---
title: "PubMedMining-vignette"
author: "Jeff DIDIER"
output: rmarkdown::html_vignette
description: >
  Easy function for text-mining the PubMed repository based on defined sets of terms. The relationship between fix-terms (related to your research topic) and pub-terms (terms which pivot around your research focus) is calculated using the pointwise mutual information algorithm (pmi). A text file is generated with the pmi-scores for each fixterm. Then for each collocation pairs (a fix-term + a pub-term), a text file is generated with related article titles and publishing years. Additional Author section will follow in the next version updates.
vignette: >
  %\VignetteIndexEntry{PubMedMining-vignette}
  %\VignetteEngine{knitr::rmarkdown}
  %\VignetteEncoding{UTF-8}
---

```{r, include = FALSE}
knitr::opts_chunk$set(
  collapse = TRUE,
  comment = "#>"
)
```

```{r, setup, echo=FALSE}
library(PubMedMining)
```

This package has been created for easy and fast term-based text mining of the broad PubMed article repository. To find relevant articles to your research topic, you must:  

* Figure out the main terms of your research focus (here fixterms)  
* Figure out important terms that might pivot around your focus (here pubterms)  
* (optional) define an output for the results files (Default = current location)  
* Have stable internet access  

The terms are stored as character strings in the according variables "fixterms" and "pubterms". The desired output pathway can be stored in the "output" variable.

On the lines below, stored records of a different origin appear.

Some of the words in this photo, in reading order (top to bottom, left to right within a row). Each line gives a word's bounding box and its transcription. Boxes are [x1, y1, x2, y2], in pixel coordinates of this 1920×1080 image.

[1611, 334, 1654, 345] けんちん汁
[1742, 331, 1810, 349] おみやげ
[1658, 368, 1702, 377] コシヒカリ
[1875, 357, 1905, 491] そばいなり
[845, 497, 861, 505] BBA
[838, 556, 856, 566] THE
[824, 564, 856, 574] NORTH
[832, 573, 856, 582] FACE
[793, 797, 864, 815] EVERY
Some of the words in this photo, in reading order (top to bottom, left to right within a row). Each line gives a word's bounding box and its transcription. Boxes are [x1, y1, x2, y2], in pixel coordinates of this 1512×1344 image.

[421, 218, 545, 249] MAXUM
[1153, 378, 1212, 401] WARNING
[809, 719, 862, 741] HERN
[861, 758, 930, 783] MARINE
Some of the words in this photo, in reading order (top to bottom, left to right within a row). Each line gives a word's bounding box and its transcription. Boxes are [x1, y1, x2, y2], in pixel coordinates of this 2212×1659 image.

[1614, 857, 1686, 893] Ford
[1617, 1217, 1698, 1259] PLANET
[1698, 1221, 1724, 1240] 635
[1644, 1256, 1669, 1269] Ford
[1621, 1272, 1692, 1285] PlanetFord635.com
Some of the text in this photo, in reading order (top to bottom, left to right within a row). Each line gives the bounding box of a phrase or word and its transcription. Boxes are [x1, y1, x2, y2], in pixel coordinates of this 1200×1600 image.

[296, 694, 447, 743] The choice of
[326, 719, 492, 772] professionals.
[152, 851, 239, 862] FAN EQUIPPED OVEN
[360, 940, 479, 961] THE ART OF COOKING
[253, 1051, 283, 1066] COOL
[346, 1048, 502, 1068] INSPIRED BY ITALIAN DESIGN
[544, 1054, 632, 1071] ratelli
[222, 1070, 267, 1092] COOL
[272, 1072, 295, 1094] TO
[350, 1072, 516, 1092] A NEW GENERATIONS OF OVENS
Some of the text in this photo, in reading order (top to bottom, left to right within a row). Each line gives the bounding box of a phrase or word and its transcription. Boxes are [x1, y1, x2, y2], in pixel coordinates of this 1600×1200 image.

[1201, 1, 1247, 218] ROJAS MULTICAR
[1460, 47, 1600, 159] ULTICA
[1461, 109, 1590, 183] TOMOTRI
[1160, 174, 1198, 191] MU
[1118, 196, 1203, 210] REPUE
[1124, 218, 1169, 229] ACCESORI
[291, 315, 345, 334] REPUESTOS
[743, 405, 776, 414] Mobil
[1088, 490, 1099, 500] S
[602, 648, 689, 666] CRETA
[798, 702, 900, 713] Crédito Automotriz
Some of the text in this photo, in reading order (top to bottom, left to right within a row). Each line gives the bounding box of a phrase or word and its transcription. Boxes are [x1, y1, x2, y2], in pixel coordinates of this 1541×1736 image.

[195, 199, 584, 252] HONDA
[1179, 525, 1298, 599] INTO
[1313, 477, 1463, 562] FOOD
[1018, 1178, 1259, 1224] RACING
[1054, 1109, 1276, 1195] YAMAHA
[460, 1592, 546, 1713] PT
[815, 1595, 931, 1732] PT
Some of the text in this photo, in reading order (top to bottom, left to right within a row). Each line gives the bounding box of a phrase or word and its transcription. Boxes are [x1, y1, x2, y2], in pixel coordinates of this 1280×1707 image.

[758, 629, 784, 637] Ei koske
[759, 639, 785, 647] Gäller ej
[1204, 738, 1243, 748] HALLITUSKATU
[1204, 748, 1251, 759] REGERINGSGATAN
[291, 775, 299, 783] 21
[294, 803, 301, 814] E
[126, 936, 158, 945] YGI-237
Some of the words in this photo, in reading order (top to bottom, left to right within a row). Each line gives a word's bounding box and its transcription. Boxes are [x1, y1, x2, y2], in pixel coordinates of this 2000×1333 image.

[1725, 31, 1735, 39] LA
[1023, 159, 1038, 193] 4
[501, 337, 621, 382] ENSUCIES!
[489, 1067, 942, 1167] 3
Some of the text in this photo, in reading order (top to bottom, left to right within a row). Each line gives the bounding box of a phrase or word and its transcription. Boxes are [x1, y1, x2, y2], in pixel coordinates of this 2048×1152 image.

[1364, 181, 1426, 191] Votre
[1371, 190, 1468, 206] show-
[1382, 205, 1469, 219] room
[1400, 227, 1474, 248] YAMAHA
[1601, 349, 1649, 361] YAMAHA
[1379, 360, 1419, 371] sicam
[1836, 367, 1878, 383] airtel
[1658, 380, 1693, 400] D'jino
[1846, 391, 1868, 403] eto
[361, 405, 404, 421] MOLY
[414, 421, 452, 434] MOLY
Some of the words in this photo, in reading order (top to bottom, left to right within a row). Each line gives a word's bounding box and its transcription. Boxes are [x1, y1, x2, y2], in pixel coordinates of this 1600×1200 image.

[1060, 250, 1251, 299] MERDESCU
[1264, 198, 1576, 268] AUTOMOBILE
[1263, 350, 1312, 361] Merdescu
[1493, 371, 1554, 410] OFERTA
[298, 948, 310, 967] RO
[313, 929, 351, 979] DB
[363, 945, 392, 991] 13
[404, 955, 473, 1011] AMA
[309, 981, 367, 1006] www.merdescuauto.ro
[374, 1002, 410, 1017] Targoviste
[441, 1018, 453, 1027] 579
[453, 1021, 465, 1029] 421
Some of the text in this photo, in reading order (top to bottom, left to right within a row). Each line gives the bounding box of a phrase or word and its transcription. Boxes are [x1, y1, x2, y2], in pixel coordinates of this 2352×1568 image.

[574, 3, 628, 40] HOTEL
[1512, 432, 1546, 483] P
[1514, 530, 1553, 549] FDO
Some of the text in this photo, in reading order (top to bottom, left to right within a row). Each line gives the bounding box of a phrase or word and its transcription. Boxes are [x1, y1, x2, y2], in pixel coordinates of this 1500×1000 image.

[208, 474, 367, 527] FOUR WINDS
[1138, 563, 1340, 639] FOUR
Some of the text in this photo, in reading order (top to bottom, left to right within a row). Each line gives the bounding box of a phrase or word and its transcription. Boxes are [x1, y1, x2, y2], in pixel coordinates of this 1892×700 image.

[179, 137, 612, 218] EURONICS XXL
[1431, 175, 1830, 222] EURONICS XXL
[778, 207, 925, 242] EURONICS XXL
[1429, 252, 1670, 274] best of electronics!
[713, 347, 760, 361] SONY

```{r, example, eval=FALSE}
fixterms = c("bike", "downhill")
pubterms = c("dangerous", "extreme", "injuries")
output = getwd() #or "YOUR/DESIRED/PATHWAY"
pubmed_textmining(fixterms, pubterms, output)
```

Two kinds of results are generated by the function (.txt files):  

* PMI-scores: Point-wise mutual information score table for each fix-term with scores for each   pub-term  
* relevant articles: for each fixterm+pubterm pair, a text file with relevant article titles and publishing year is generated  

__Definition of Pointwise Mutual Information (PMI) scoring:__  
Good collocation pairs have high PMI because the probability of co-occurrence is only slightly lower than the probabilities of occurrence of each word. Conversely, a pair of words whose probabilities of occurrence are considerably higher than their probability of co-occurrence gets a small PMI score. If PMi = -Inf, no articles found for the respective collocation pair.